Traumatic Atlanto-Occipital Dislocation in Children
Evaluation, Treatment, and Outcomes
Nelson Astur, MD; Paul Klimo Jr., MD, MPH; Jeffrey R. Sawyer, MD; Derek M. Kelly, MD; Michael S. Muhlbauer, MD; William C. Warner Jr., MD

Abstract

Background: Advancements in emergency care and diagnostic methods have increased the number of children who survive atlanto-occipital dislocation. We report our experience with one of the largest series of pediatric patients with atlanto-occipital dislocation.

Methods: Patients ranging in age from newborn to sixteen years old who had a diagnosis of atlanto-occipital dislocation from 1991 through 2011 were identified. Inclusion criteria were complete radiographic and clinical records and duration of follow-up of at least six months. Basic patient characteristics, mechanism of injury, associated injuries, neurological impairment, surgical treatment and type of implant used for fixation, complications, and clinical and radiographic outcomes were recorded.

Results: The fourteen patients who were included (seven male and seven female) had a mean age of 5.2 years at the time of injury. An automobile accident in which the victim was a passenger was the most common mechanism of injury. Twelve patients had associated injuries, with a brain injury in eleven of them, and nearly half sustained a spinal cord injury. According to the Traynelis classification system, eight patients had a type-II (longitudinal) atlanto-occipital dislocation, five had a type-I (anterior) dislocation, and one had a type-III (posterior) dislocation. All patients had posterior occipitocervical fusion with internal fixation. The mean duration of follow-up was 75.4 months. The most common postoperative complication was hydrocephalus, which occurred in four patients. Spinal fusion occurred in all patients by four to six months postoperatively. At the time of the most recent follow-up evaluation, half of the patients had neurological impairment.

Conclusions: More patients with atlanto-occipital dislocation now survive the initial trauma, although most have associated injuries and many have neurological impairment. Our preferred management is early occipitocervical fusion and stabilization. If there is neurological decline after spinal fixation, obstructive hydrocephalus should be suspected.
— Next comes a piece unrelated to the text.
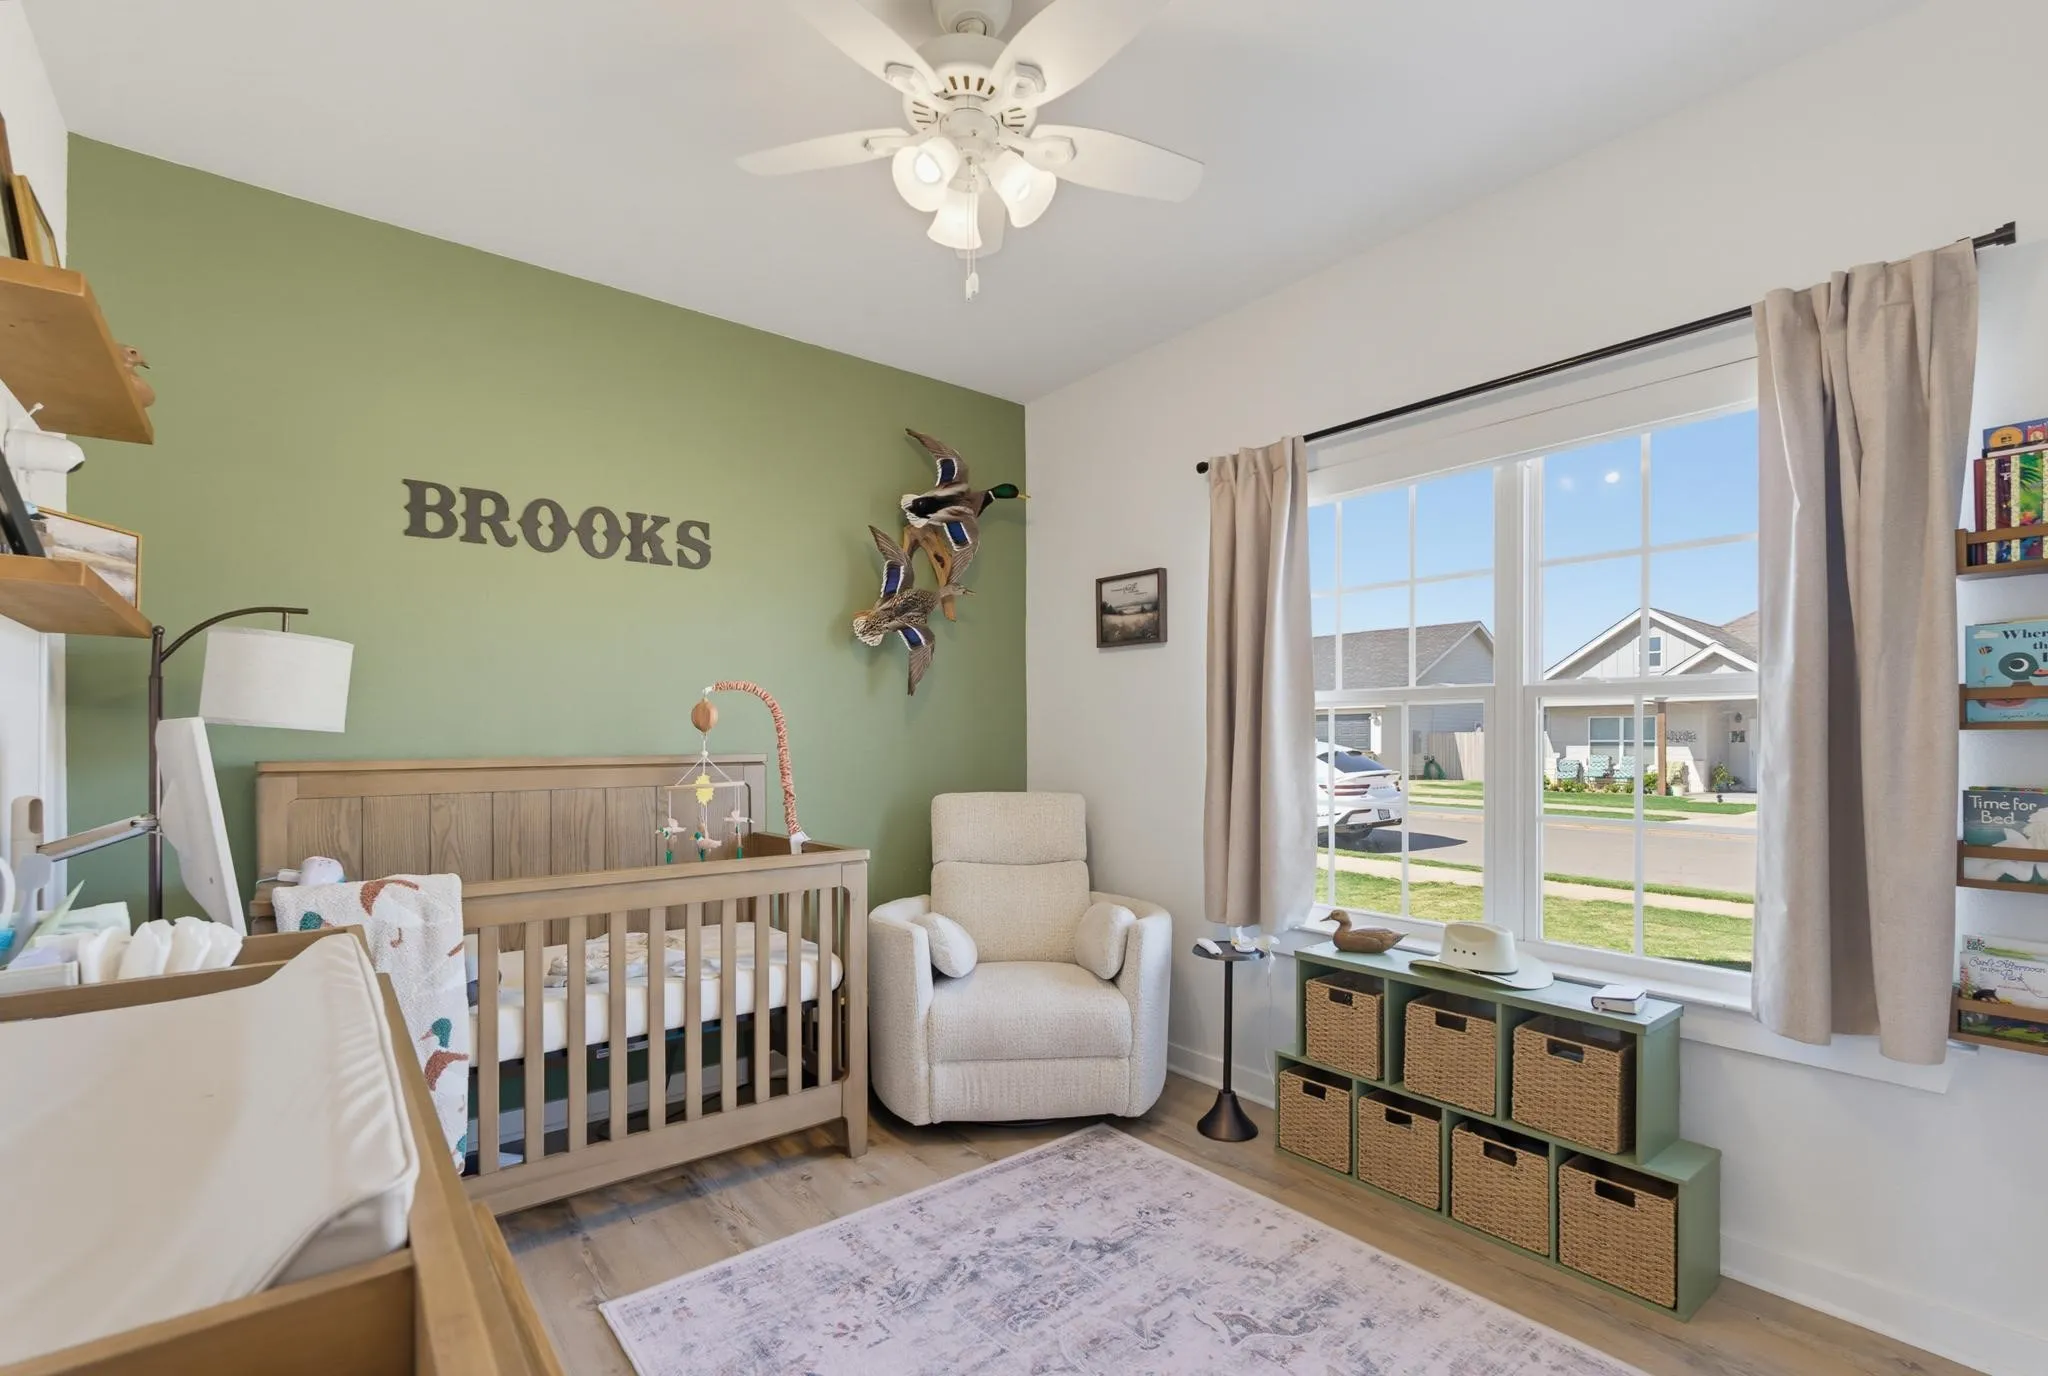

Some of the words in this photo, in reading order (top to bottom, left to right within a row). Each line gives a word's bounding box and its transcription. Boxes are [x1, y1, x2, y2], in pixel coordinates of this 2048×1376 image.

Level of Evidence: Therapeutic Level IV. See Instructions for Authors for a complete description of levels of evidence.

Footnotes

  • Investigation performed at Le Bonheur Children’s Hospital, Memphis, Tennessee

  • Disclosure: None of the authors received payments or services, either directly or indirectly (i.e., via his or her institution), from a third party in support of any aspect of this work. One or more of the authors, or his or her institution, has had a financial relationship, in the thirty-six months prior to submission of this work, with an entity in the biomedical arena that could be perceived to influence or have the potential to influence what is written in this work. No author has had any other relationships, or has engaged in any other activities, that could be perceived to influence or have the potential to influence what is written in this work. The complete Disclosures of Potential Conflicts of Interest submitted by authors are always provided with the online version of the article.